Sarnat J A, Koutrakis P, Suh H H
Harvard School of Public Health, Department of Environmental Health, Boston, Massachussetts, USA.
J Air Waste Manag Assoc. 2000 Jul;50(7):1184-98. doi: 10.1080/10473289.2000.10464165.

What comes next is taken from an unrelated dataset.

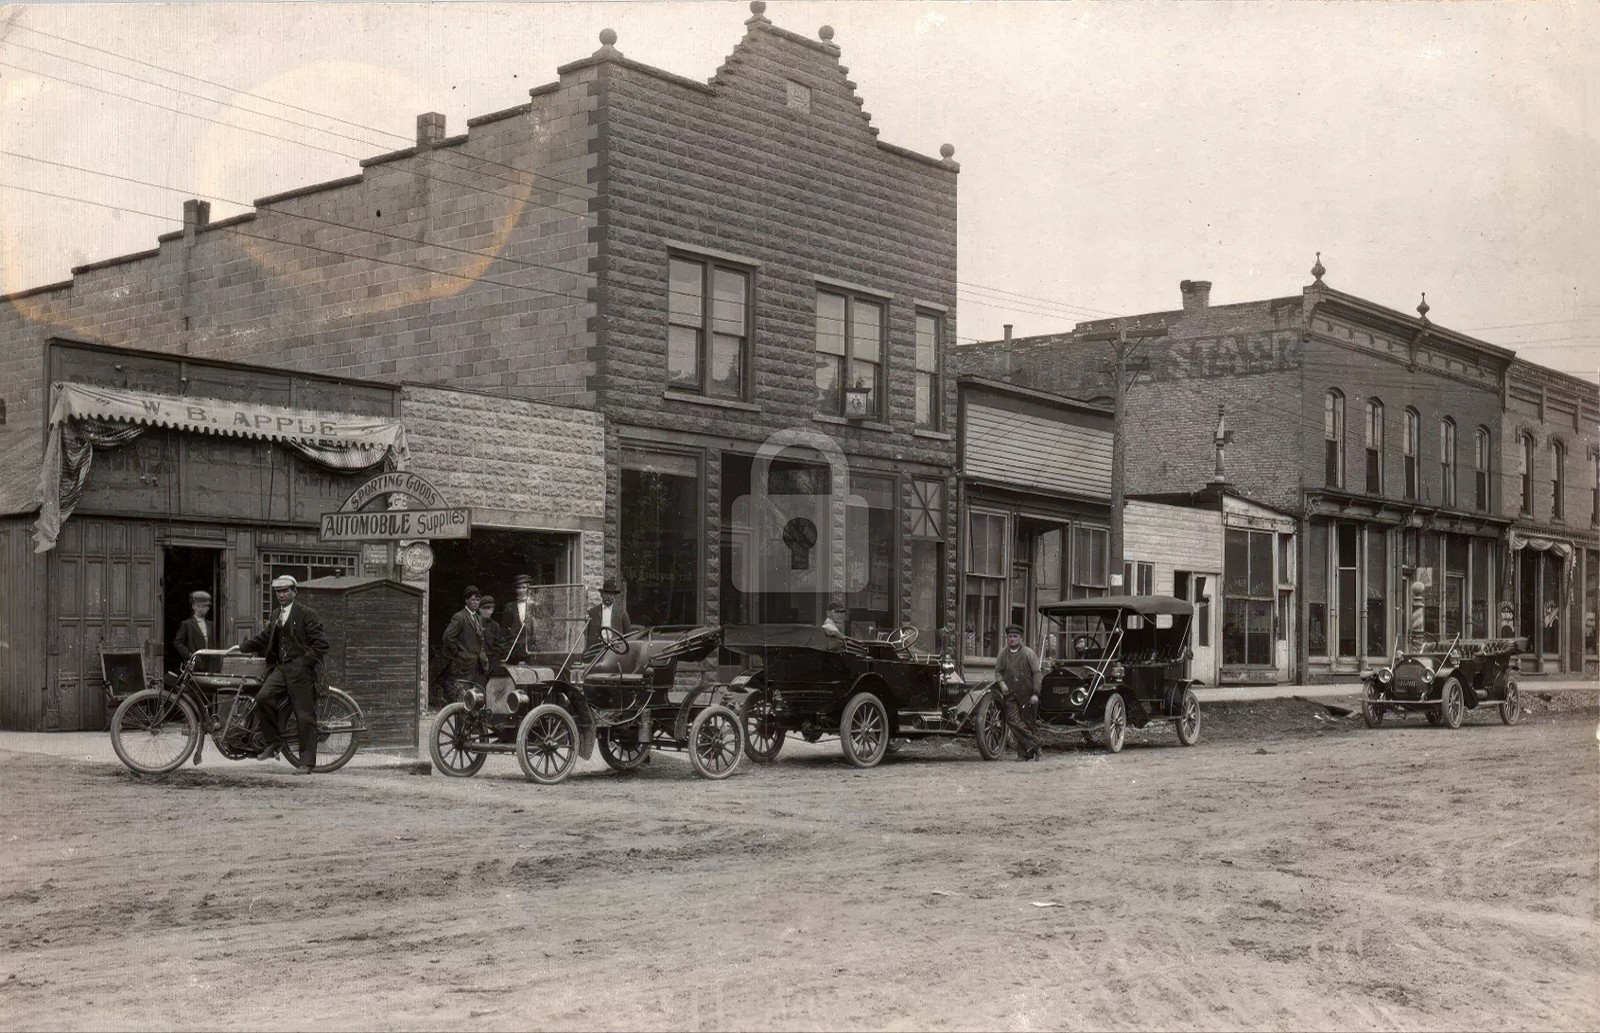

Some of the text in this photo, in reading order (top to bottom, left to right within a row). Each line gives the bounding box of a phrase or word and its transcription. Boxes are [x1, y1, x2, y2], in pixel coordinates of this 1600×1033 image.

[141, 399, 338, 437] W. B. APPLE
[350, 473, 437, 510] SPORTING GOODS
[323, 513, 411, 538] AUTOMOBILE

We conducted a multi-pollutant exposure study in Baltimore, MD, in which 15 non-smoking older adult subjects (> 64 years old) wore a multi-pollutant sampler for 12 days during the summer of 1998 and the winter of 1999. The sampler measured simultaneous 24-hr integrated personal exposures to PM2.5, PM10, SO4(2-), O3, NO2, SO2, and exhaust-related VOCs. Results of this study showed that longitudinal associations between ambient PM2.5 concentrations and corresponding personal exposures tended to be high in the summer (median Spearman's r = 0.74) and low in the winter (median Spearman's r = 0.25). Indoor ventilation was an important determinant of personal PM2.5 exposures and resulting personal-ambient associations. Associations between personal PM2.5 exposures and corresponding ambient concentrations were strongest for well-ventilated indoor environments and decreased with ventilation. This decrease was attributed to the increasing influence of indoor PM2.5 sources. Evidence for this was provided by SO4(2-) measurements, which can be thought of as a tracer for ambient PM2.5. For SO4(2-), personal-ambient associations were strong even in poorly ventilated indoor environments, suggesting that personal exposures to PM2.5 of ambient origin are strongly associated with corresponding ambient concentrations. The results also indicated that the contribution of indoor PM2.5 sources to personal PM2.5 exposures was lowest when individuals spent the majority of their time in well-ventilated indoor environments. Results also indicate that the potential for confounding by PM2.5 co-pollutants is limited, despite significant correlations among ambient pollutant concentrations. In contrast to ambient concentrations, PM2.5 exposures were not significantly correlated with personal exposures to PM2.5-10, PM2.5 of non-ambient origin, O3, NO2, and SO2. Since a confounder must be associated with the exposure of interest, these results provide evidence that the effects observed in the PM2.5 epidemiologic studies are unlikely to be due to confounding by the PM2.5 co-pollutants measured in this study.
我们在马里兰州巴尔的摩市开展了一项多污染物暴露研究,1998年夏季和1999年冬季期间,15名不吸烟的老年受试者(年龄>64岁)佩戴多污染物采样器12天。该采样器可同时测量24小时内个人对PM2.5、PM10、SO4(2-)、O3、NO2、SO2以及与尾气相关的挥发性有机化合物的综合暴露量。本研究结果表明,夏季环境PM2.5浓度与相应个人暴露量之间的纵向关联往往较高(斯皮尔曼等级相关系数中位数r = 0.74),而冬季则较低(斯皮尔曼等级相关系数中位数r = 0.25)。室内通风是个人PM2.5暴露量以及由此产生的个人与环境关联的一个重要决定因素。在通风良好的室内环境中,个人PM2.5暴露量与相应环境浓度之间的关联最强,且随着通风情况而降低。这种降低归因于室内PM2.5来源的影响日益增加。SO4(2-)测量结果为此提供了证据,SO4(2-)可被视为环境PM2.5的一种示踪剂。对于SO4(2-),即使在通风不良的室内环境中,个人与环境的关联也很强,这表明个人对源自环境的PM2.5的暴露与相应环境浓度密切相关。结果还表明,当个体大部分时间处于通风良好的室内环境时,室内PM2.5来源对个人PM2.5暴露量的贡献最低。结果还表明,尽管环境污染物浓度之间存在显著相关性,但PM2.5共污染物造成混杂的可能性有限。与环境浓度不同,PM2.5暴露量与个人对PM2.5 - 10、非环境来源的PM2.5、O3、NO2和SO2的暴露量没有显著相关性。由于混杂因素必须与感兴趣的暴露相关联,这些结果提供了证据,表明在PM2.5流行病学研究中观察到的效应不太可能是由本研究中测量的PM2.5共污染物造成的混杂所致。